> _What to do_: Reproduce the whole listing exactly, omitting any picture it holds.
***** Information provided
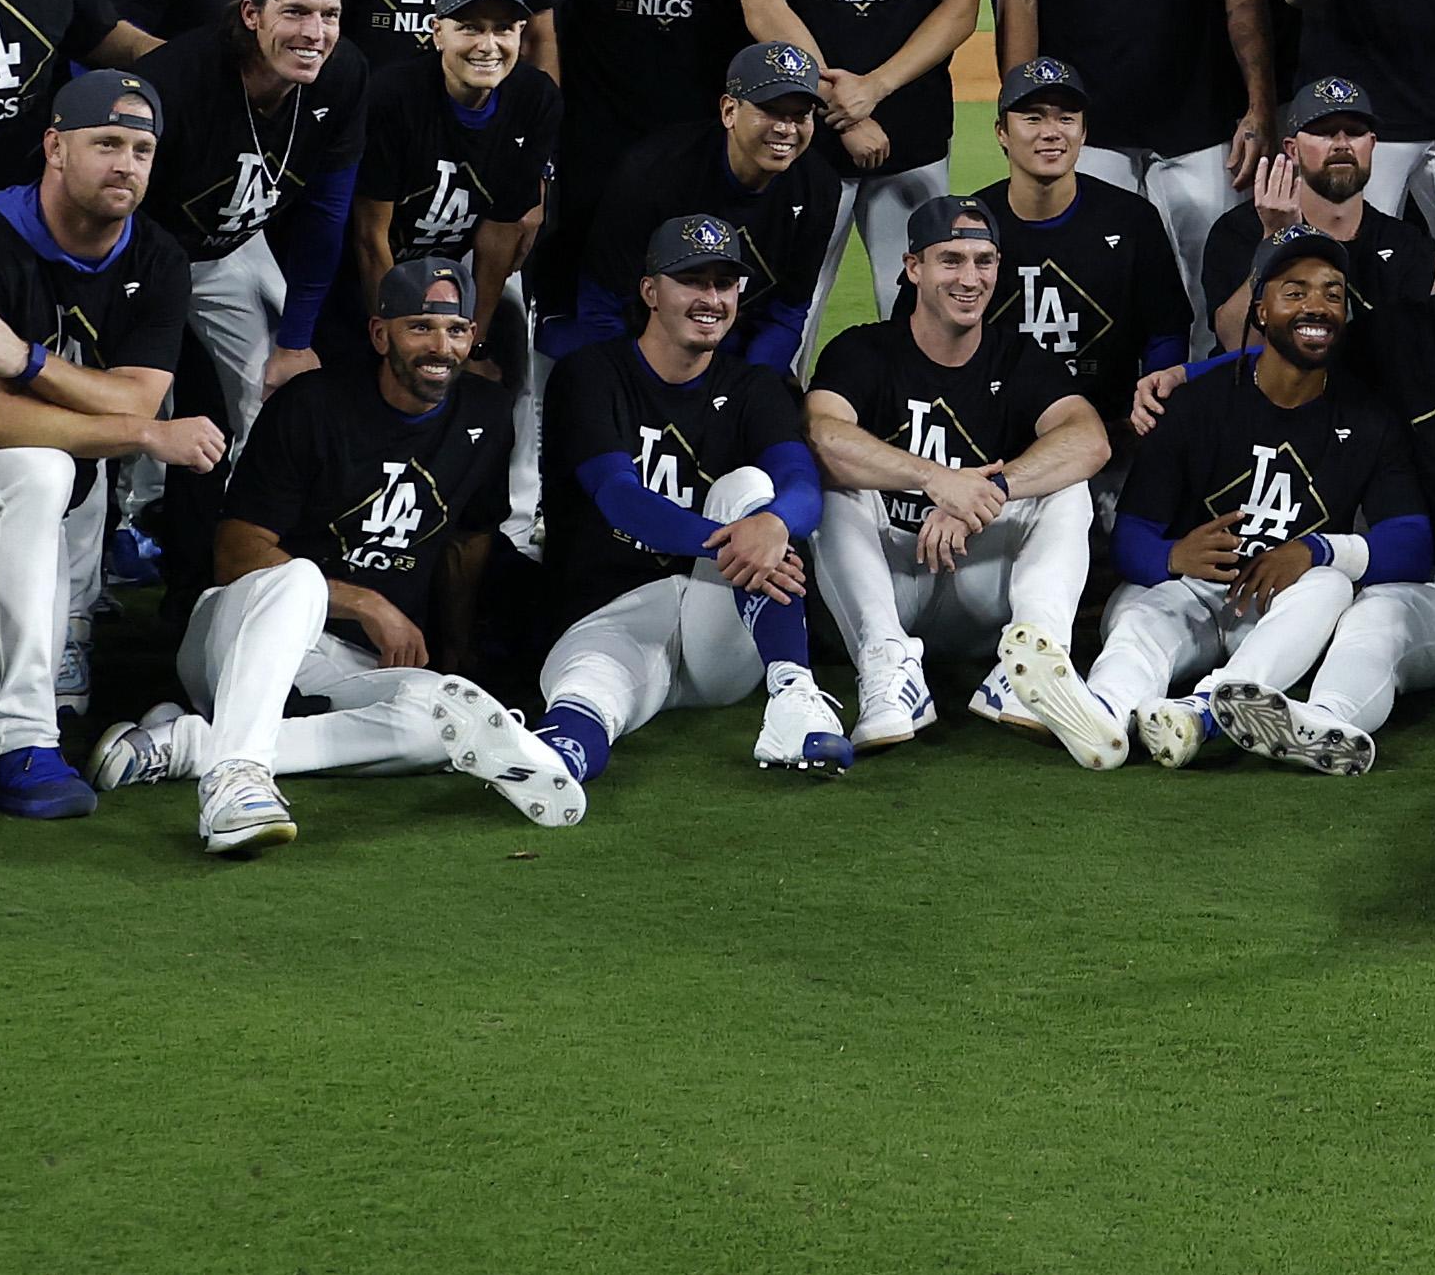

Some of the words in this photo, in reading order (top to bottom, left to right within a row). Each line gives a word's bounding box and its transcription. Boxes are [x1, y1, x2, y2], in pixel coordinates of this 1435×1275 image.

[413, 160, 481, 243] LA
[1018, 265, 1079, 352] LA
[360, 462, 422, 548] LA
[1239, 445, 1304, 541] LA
**********
> _Answer to this task_:
Some of the words in this photo, in reading order (top to bottom, left to right within a row). Each line gives a word's bounding box and its transcription. Boxes are [x1, y1, x2, y2], in pixel coordinates of this 1435×1275 image.

[413, 160, 481, 243] LA
[1018, 265, 1079, 352] LA
[360, 462, 422, 548] LA
[1239, 445, 1304, 541] LA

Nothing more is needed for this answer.